Hernan
The pharo board could send a mail to the open bio informatic foundation.
Are you member of their foundation?
BTW I imagine that you will have to migrate
https://code.google.com/p/biosmalltalk/
to github?
Stef
Le 19/3/15 07:39, Hernán Morales Durand a écrit :
Hi Offray,
For a biologist without interest in bioinformatics at all, it would be
hard to "sell" him any Bio* library. They could be better with
workflow systems like Galaxy, MyExperiment, or the Integrated Genome
Viewer, etc. biology is an extremely diversified field, but actually
Smalltalk is the perfect environment for biologists!
To me, a demonstration of the power of BioSmalltalk is the realease of
PhyloclassTalk which I *know* couldn't be possible with Python, Java,
Perl, for a single developer in a short period of time. No matter how
many books and marketing they try to sell, the capability of exploring
and debugging objects in a live environment is unbeatable.
But BioSmalltalk needs desperately other developers. I am open to
explain the internals and boring details to anyone. In the past I
tried to talk with pythonists but that was like talking to a wall, the
feeling I perceived was the environment was so different that they
seemed to be scared. Scared of everything they learnt was not worth
it. But the power is there for everyone, you can inspect a DNA
sequence, query for its properties in a new Inspector, send it to a
server and return its alignment, re-format and serialize, all like
using an exploratory data analysis with observational transformations.

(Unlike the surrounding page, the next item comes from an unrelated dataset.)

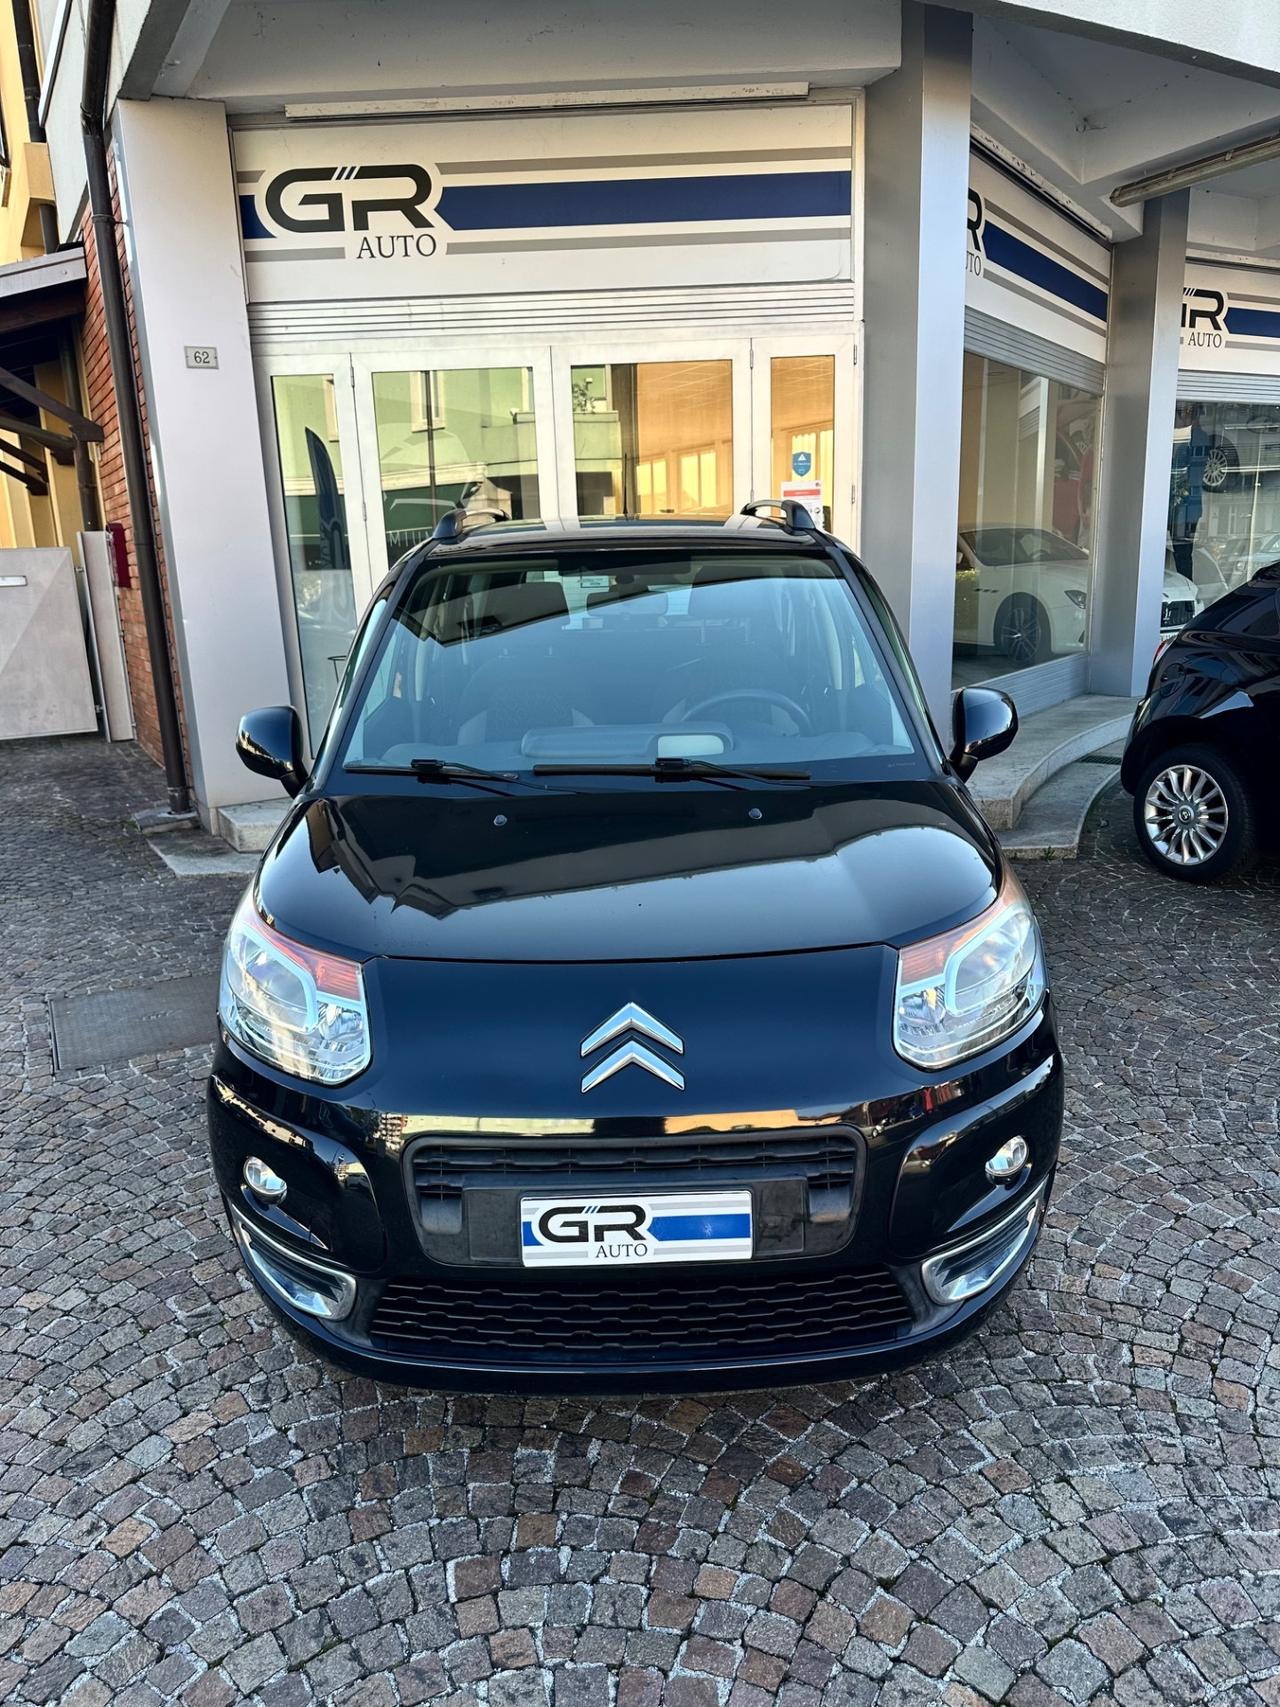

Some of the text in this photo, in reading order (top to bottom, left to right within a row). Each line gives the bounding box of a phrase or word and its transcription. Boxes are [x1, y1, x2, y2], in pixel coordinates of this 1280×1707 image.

I also tried to BioSmalltalk gets accepted to the Open Bionformatics
Foundation (actually I only requested a page in their wiki for project
visibility & promotion), but **precisely** at the time of my request,
they occurred to implement a new whole policy of project acceptance
(but of course BioRuby, BioJava, BioPerl and BioPython were all in so
they were excluded) and I would have to pay international conference
calls to talk with them(?) about.... I don't know.
So, the status is the same, but with more objects :). I have added
classes for parsing the Taxonomy Of Life, taxdb, EBI and file formats.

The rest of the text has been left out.